======== Data extracts

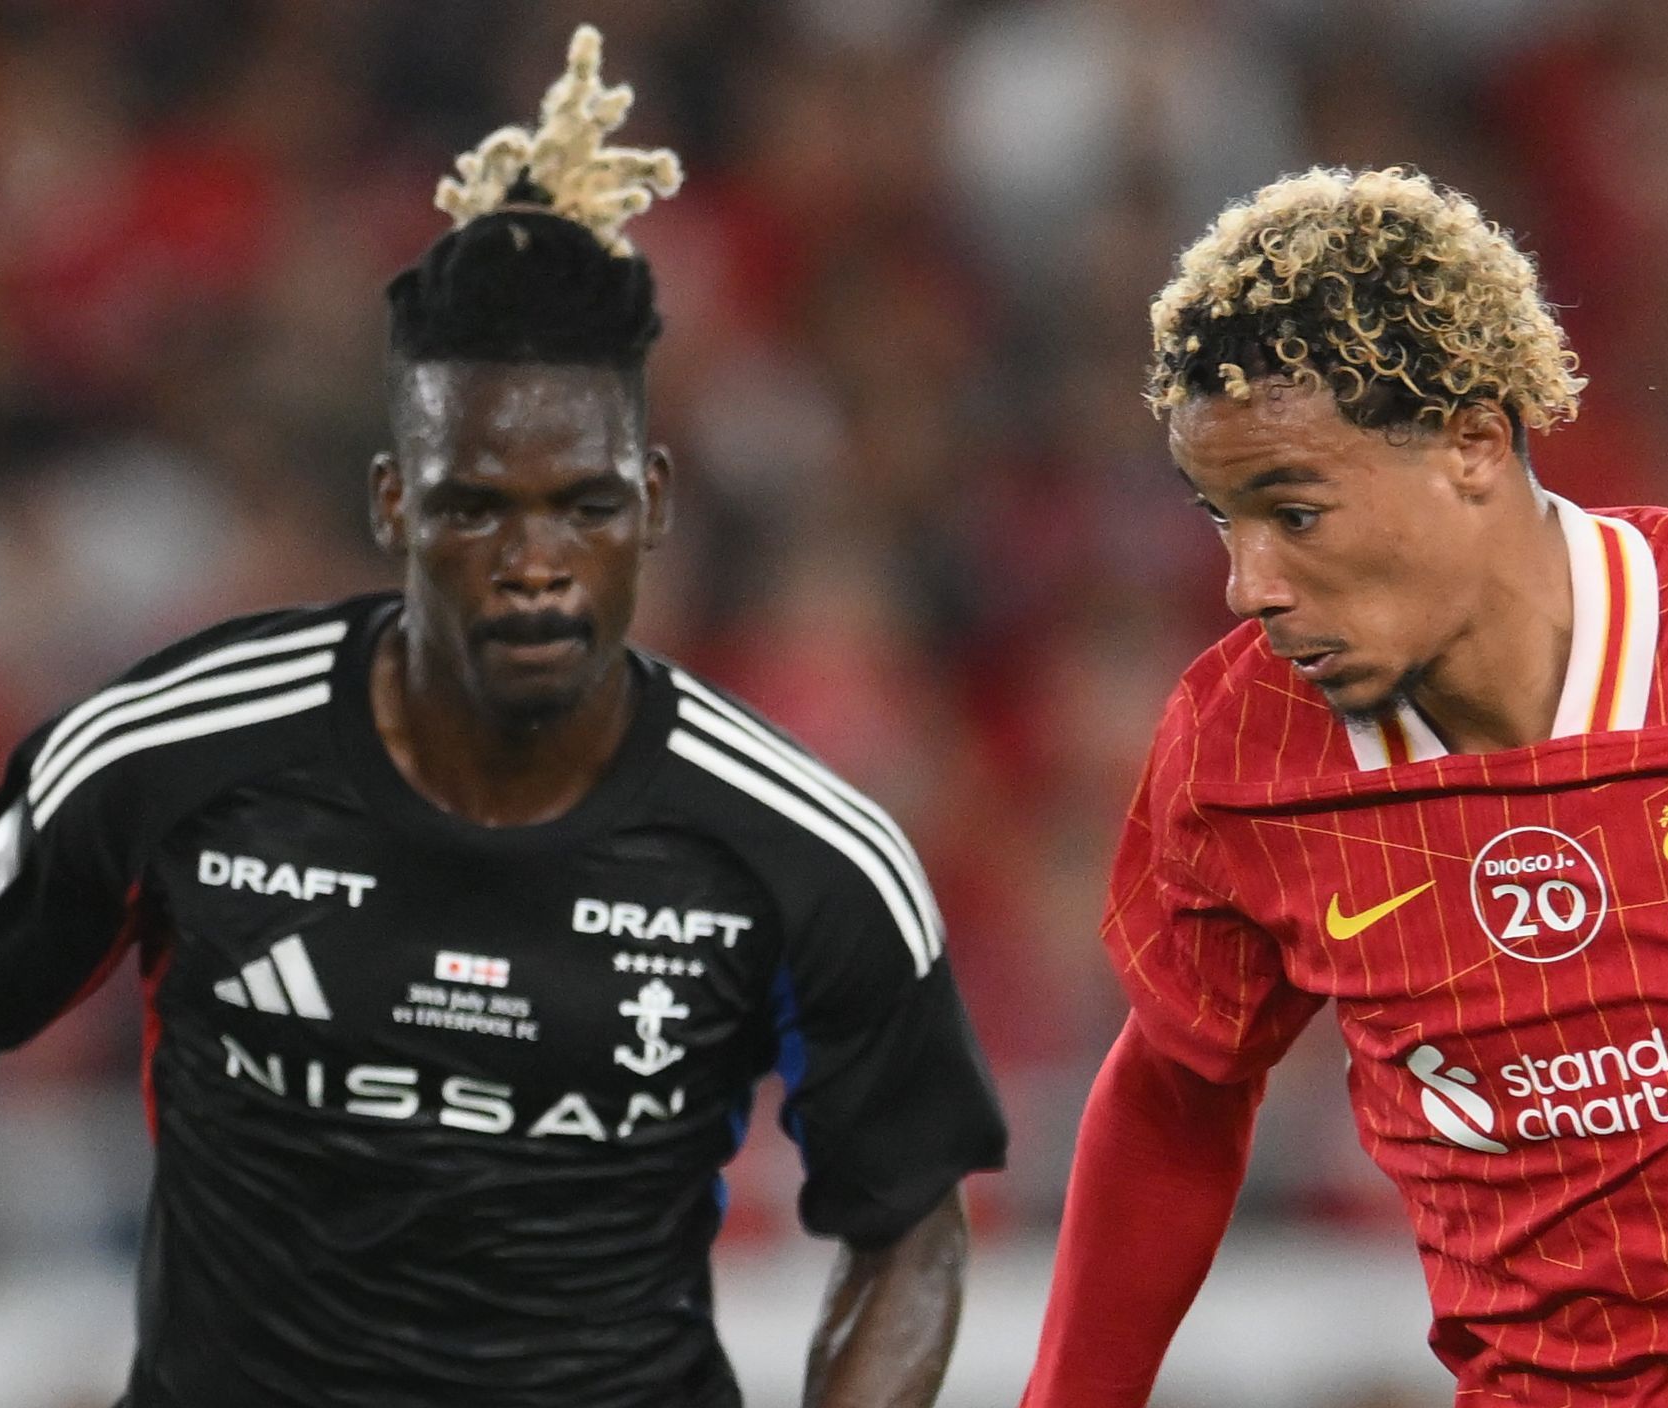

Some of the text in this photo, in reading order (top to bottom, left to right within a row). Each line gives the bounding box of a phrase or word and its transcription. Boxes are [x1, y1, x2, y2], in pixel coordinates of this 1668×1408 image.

[197, 849, 378, 909] DRAFT
[1484, 854, 1552, 877] DIOGO
[572, 897, 753, 948] DRAFT
[1491, 879, 1587, 939] 20
[221, 1033, 685, 1141] NISSAN
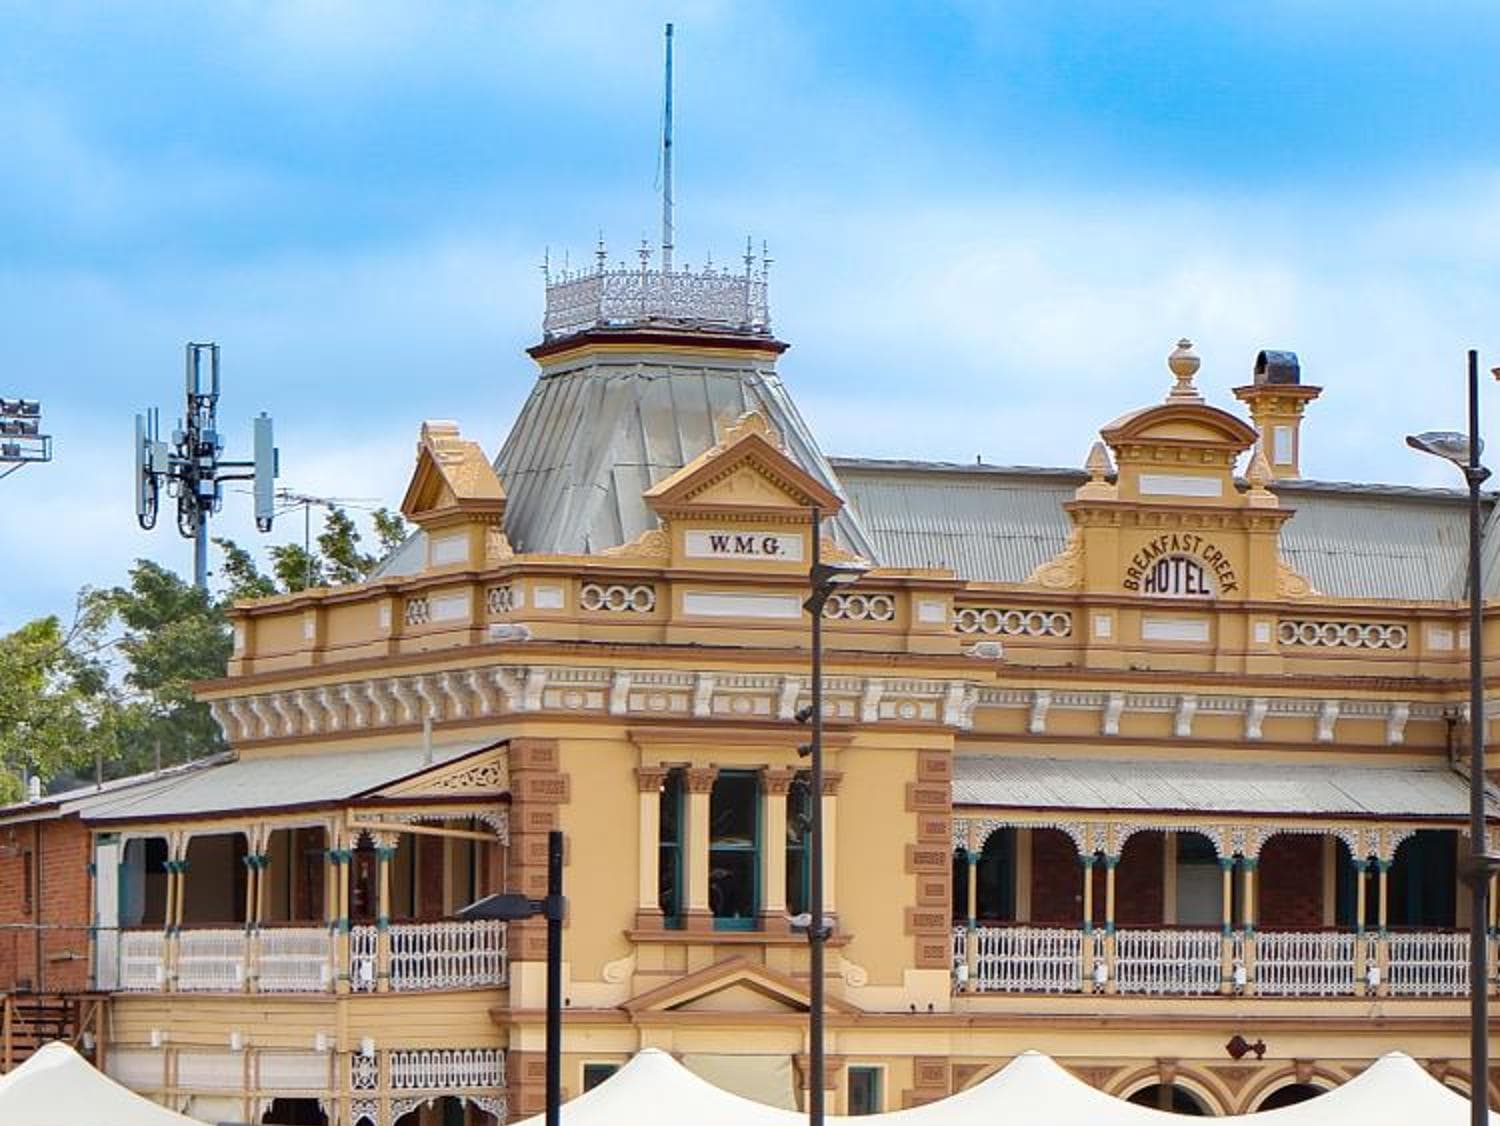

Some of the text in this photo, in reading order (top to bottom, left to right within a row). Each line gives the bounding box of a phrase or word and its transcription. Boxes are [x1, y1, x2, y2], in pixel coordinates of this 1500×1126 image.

[709, 535, 785, 556] W.M.G.
[1123, 533, 1239, 594] BREAKFAST CREEK
[1144, 556, 1210, 595] HOTEL
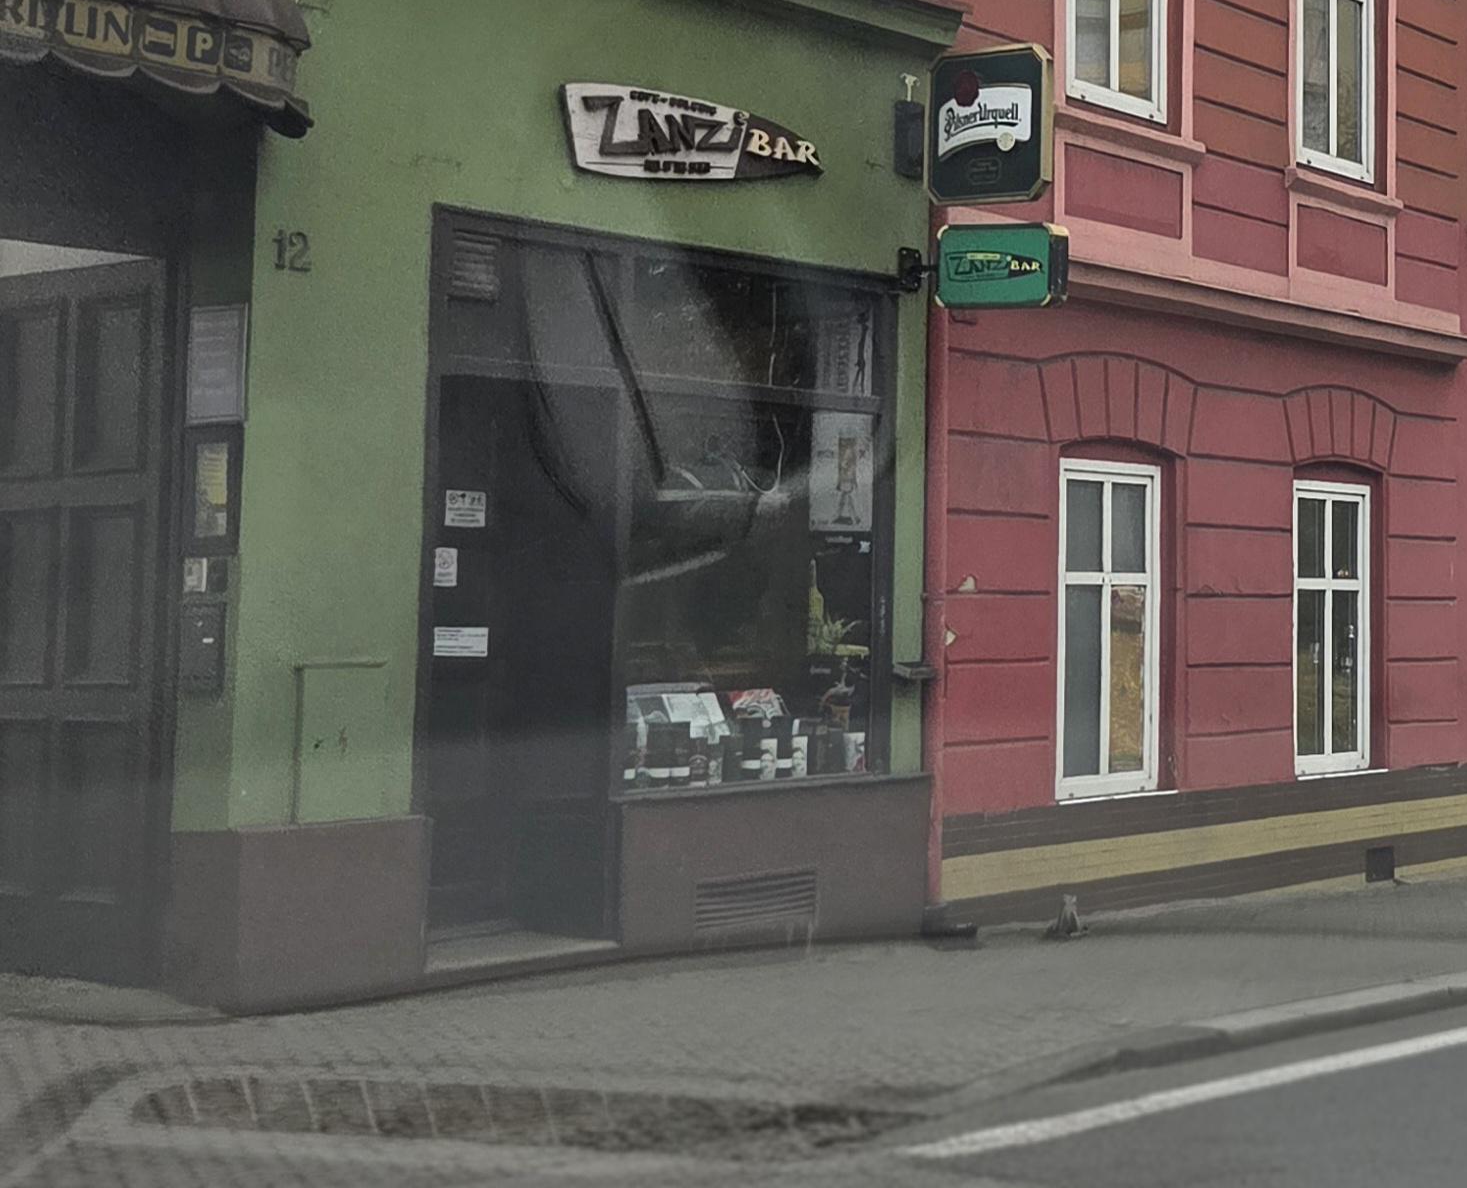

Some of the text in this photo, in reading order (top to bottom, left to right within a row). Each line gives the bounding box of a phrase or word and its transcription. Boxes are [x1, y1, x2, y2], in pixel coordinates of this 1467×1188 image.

[943, 102, 1019, 142] Pilsner Urquell
[747, 129, 820, 167] BAR
[272, 229, 312, 272] 12
[1010, 260, 1040, 272] BAR

================

**Problem to solve**
Write every line above out again exactly; pictures do not belong in the copy.

**Task answer**
Some of the text in this photo, in reading order (top to bottom, left to right within a row). Each line gives the bounding box of a phrase or word and its transcription. Boxes are [x1, y1, x2, y2], in pixel coordinates of this 1668×1408 image.

[197, 849, 378, 909] DRAFT
[1484, 854, 1552, 877] DIOGO
[572, 897, 753, 948] DRAFT
[1491, 879, 1587, 939] 20
[221, 1033, 685, 1141] NISSAN

Some of the text in this photo, in reading order (top to bottom, left to right within a row). Each line gives the bounding box of a phrase or word and its transcription. Boxes are [x1, y1, x2, y2], in pixel coordinates of this 1500×1126 image.

[709, 535, 785, 556] W.M.G.
[1123, 533, 1239, 594] BREAKFAST CREEK
[1144, 556, 1210, 595] HOTEL

Some of the text in this photo, in reading order (top to bottom, left to right within a row). Each line gives the bounding box of a phrase or word and its transcription. Boxes are [x1, y1, x2, y2], in pixel coordinates of this 1467×1188 image.

[943, 102, 1019, 142] Pilsner Urquell
[747, 129, 820, 167] BAR
[272, 229, 312, 272] 12
[1010, 260, 1040, 272] BAR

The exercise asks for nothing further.